• [HOW TO COMPLETE THIS TASK]
Only the pictures stay out; please return all the entries below exactly as written.

Items from a dataset:
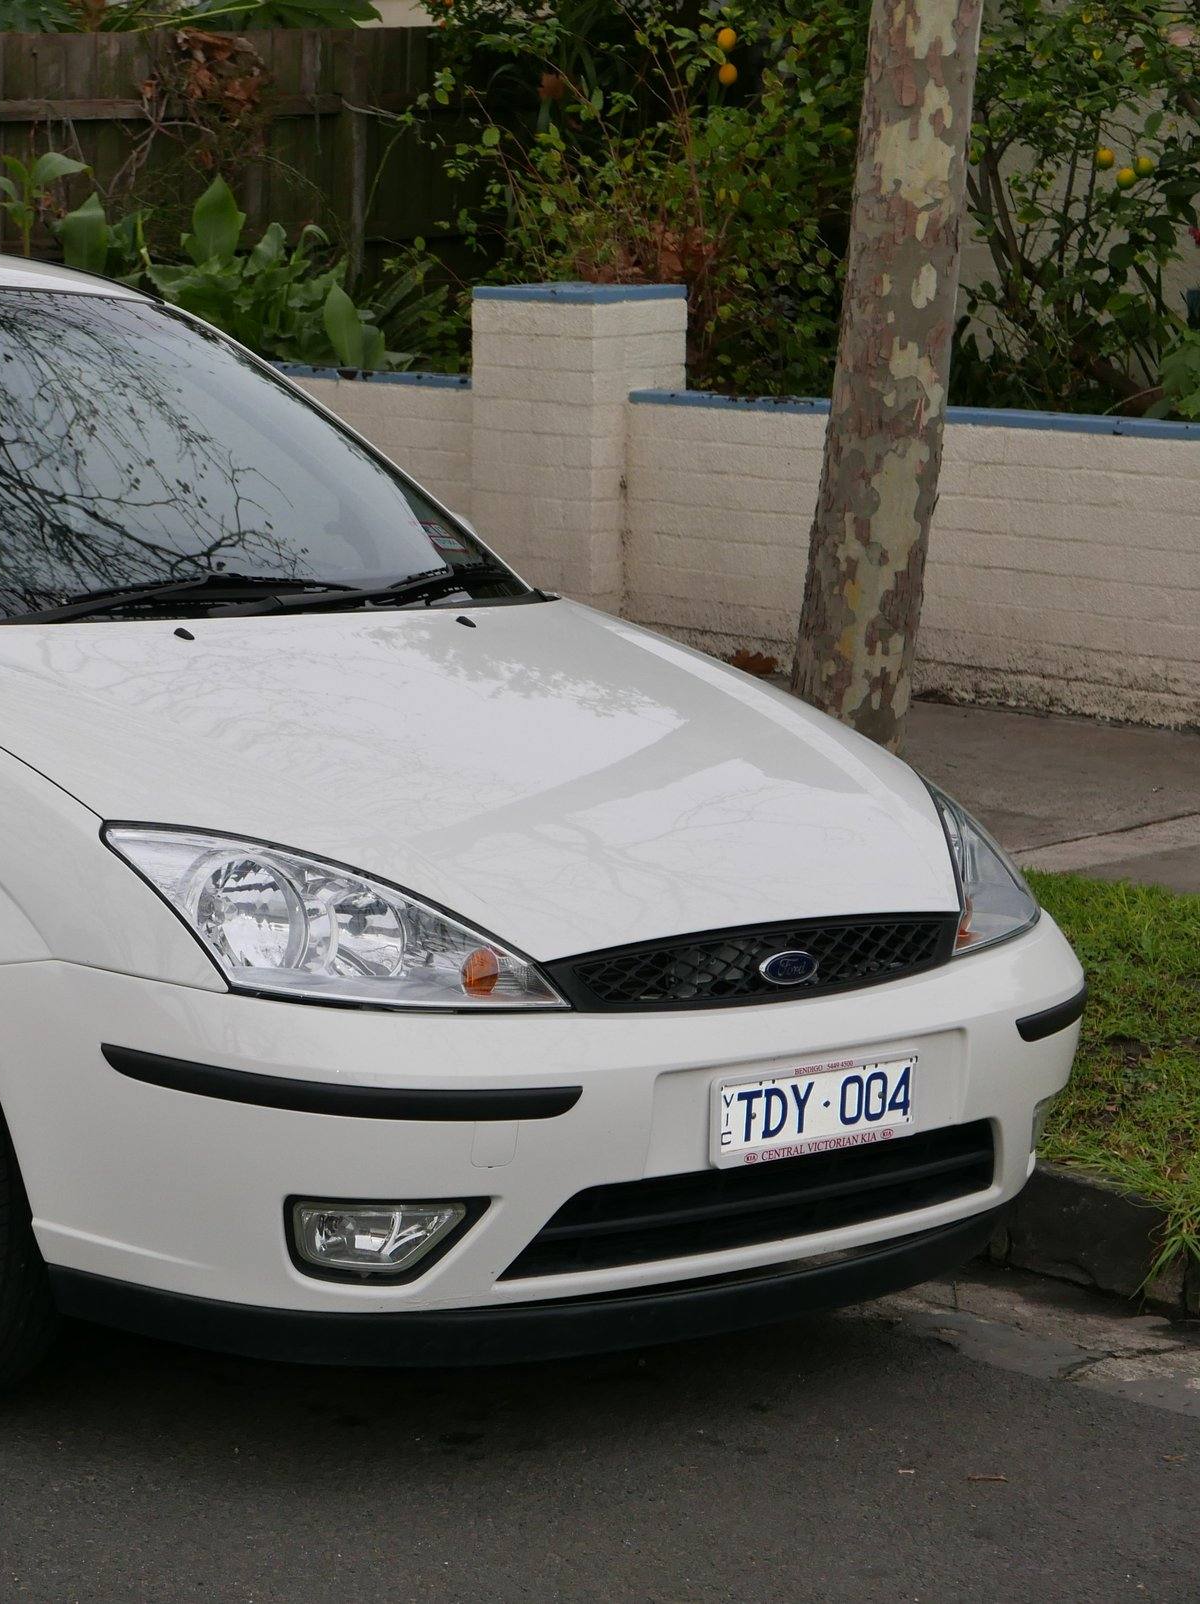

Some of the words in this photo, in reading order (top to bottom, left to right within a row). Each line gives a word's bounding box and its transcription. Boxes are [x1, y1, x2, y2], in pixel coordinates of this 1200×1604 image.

[794, 1064, 823, 1075] BENDIGO
[761, 1144, 806, 1161] CENTRAL
[807, 1134, 859, 1153] VICTORIAN
[860, 1131, 877, 1144] KIA

• [YOUR SOLUTION]
Some of the words in this photo, in reading order (top to bottom, left to right within a row). Each line gives a word's bounding box and its transcription. Boxes are [x1, y1, x2, y2], in pixel coordinates of this 1200×1604 image.

[794, 1064, 823, 1075] BENDIGO
[761, 1144, 806, 1161] CENTRAL
[807, 1134, 859, 1153] VICTORIAN
[860, 1131, 877, 1144] KIA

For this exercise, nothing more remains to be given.